I am writing this blog piece during one of the debilitating bouts of load shedding and I recall what Alan Paton wrote in an essay entitled "A more beloved country" way back in October 1983.

If memory serves me well,( but I am subject to corrections if I err) F.W.De Klerk was in office at that time and secret meetings between the NATS and the ANC were taking place, in ernest,in countries such as,inter alia, in Dakar in Senegal.

As the winds of liberation transformed to gale force and in anticipation of the inevitable,Paton was concerned about how to achieve "a just and reasonably happy society".

Speaking plainly,Paton presciently believed that both sides would lose the plot during their euphoric moments of getting to know each other and feeling each other out, and making overtures towards ending the often violent confrontations tearing at the guts of SA. History and time has proven Paton to be spot on. Why?

Thirty two years later SA is anything but a just and reasonably happy society even if one undertakes a perfunctory audit of the state of affairs.It would not be a hyperbole to declare that SA is spiralling out of control like a rocket that blasted off with hope and aspiration towards space but during its upward trajectory it lost momentum and inevitably got spent and is doomed to crash imperilling all on board. So what went wrong? I submit deliberate erosion of the principle of the rule of law.

How often have our courts reminded government about its lapses and failures in governance matters?

The one issue that Paton strongly advocated that needed to be achieved was a not negotiable restoration of the rule of law. Yes it's enshrined in the Bill of Rights to the Constitution. However it's been seen as a liability and a hindrance by leaders within the tri-partite alliance who seek its amendment ( or dilution)  alternately it being scrapped altogether.

Paton wrote during the recurring after shocks of the seismic event that history remembers as Soweto uprising and clearly he saw that this principle was badly haemorrhaging at every level of society then under siege. Nothing has changed. Recall that Chief Justice Mogoeng Mogoeng addressing this issue recently and a meeting between the judiciary and the executive is due to take place shortly.

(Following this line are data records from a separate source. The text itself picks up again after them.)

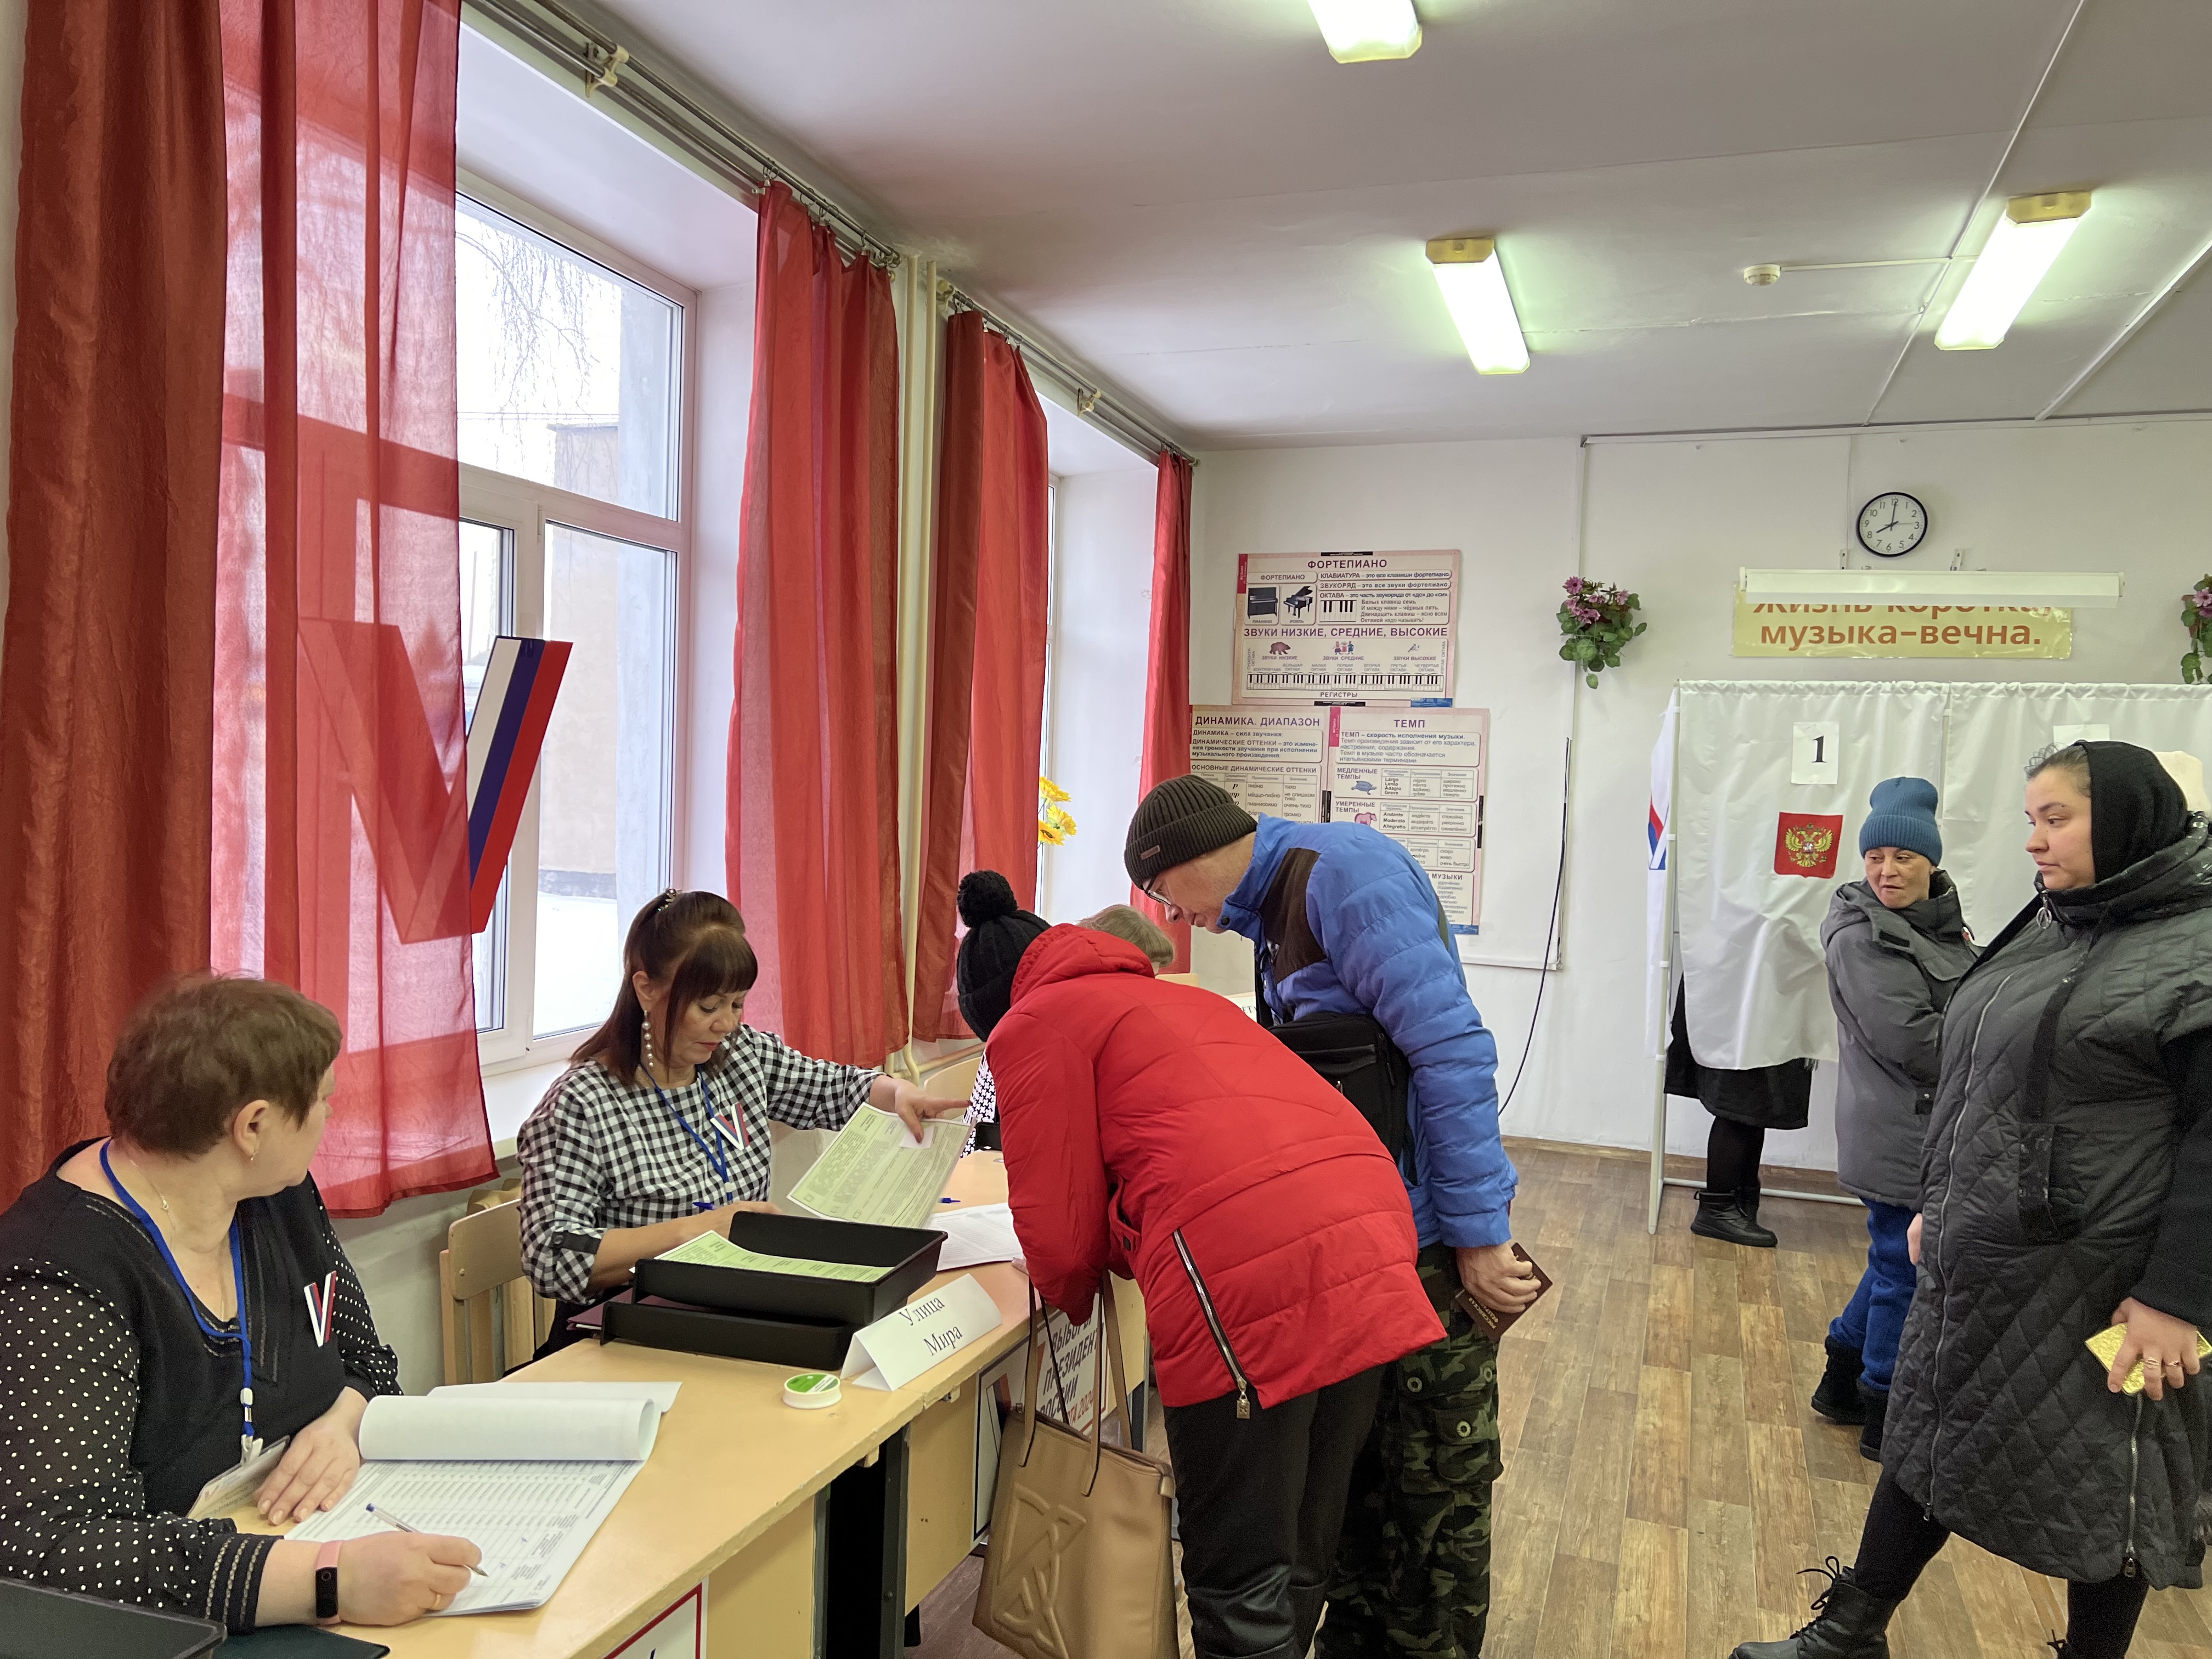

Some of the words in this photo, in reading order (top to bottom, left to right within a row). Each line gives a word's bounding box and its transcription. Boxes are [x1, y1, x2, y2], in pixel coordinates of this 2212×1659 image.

[1914, 521, 1920, 529] 3
[1307, 559, 1387, 569] ФОРТЕПИАНО
[1244, 628, 1278, 636] ЗВУКИ
[1281, 628, 1327, 637] НИЗКИЕ,
[1330, 628, 1386, 638] СРЕДНИЕ,
[1391, 628, 1447, 636] ВЫСОКИЕ
[1195, 716, 1257, 726] ДИНАМИКА.
[1260, 717, 1320, 726] ДИАПАЗОН
[1393, 719, 1425, 728] ТЕМП
[1811, 735, 1827, 763] 1
[898, 1297, 945, 1325] Улица
[923, 1326, 963, 1356] Мира
[1043, 1323, 1104, 1396] ПРЕЗИДЕН

We may boast that we have one of the most vibrant human rights oriented and aspirational constitutions in the world but arguably the enshrining provisions are flaccid at best because of the flagrant violations by the ruling party of this principle. Paton saw how critical it was to secure this principle.

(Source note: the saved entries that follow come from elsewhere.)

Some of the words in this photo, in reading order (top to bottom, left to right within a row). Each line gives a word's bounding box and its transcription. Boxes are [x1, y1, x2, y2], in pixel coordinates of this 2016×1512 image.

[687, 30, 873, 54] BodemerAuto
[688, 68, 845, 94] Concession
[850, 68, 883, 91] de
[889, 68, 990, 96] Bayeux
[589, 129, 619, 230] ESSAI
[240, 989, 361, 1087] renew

A vivid example of the erosion I lament about, is the histrionics on the part of senior members of the ANC and government against the findings of the Public Protector and the time and efforts made to subvert her findings.If the ANC respected this principle ,it would have taken steps towards ensuring the integrity of the office of the Public Protector.

Law, argued Paton, means that if a wrong has been prima facie been alleged to have taken place, then no one could punish the wrong doer, except a court of law. We have a head of state who was indicted for offences but is yet to be tried and judged by a court of law.

Just as the rule of law eroded in 1983, I fear, the same is occurring,32 years later in 2015 at the behest of the ruling party. The rule of law, to paraphrase Paton, is one of the greatest political achievements of human kind.Every South African,"from the highest to the lowest, from the richest to the poorest are (supposed to be) protected and judged by an authority that we recognise above us all."

Most certainly the majority of us have a great love for , and we are loyal to,the country in which we live and in which we were born and we want to make it better. Being loyal citizens requires from us a commitment to serve it and to want to make it more just to everyone.

As loyal South Africans we cannot ignore its faults.Loyalty means that we must see the faults and we want to correct them.

We can and we must not abdicate our duty as responsible and concerned citizens united by the will and commitment to eradicate the factors that will contribute towards the much touted crash and to make South Africa rise again and to soar above and beyond the banality that assaults us every day.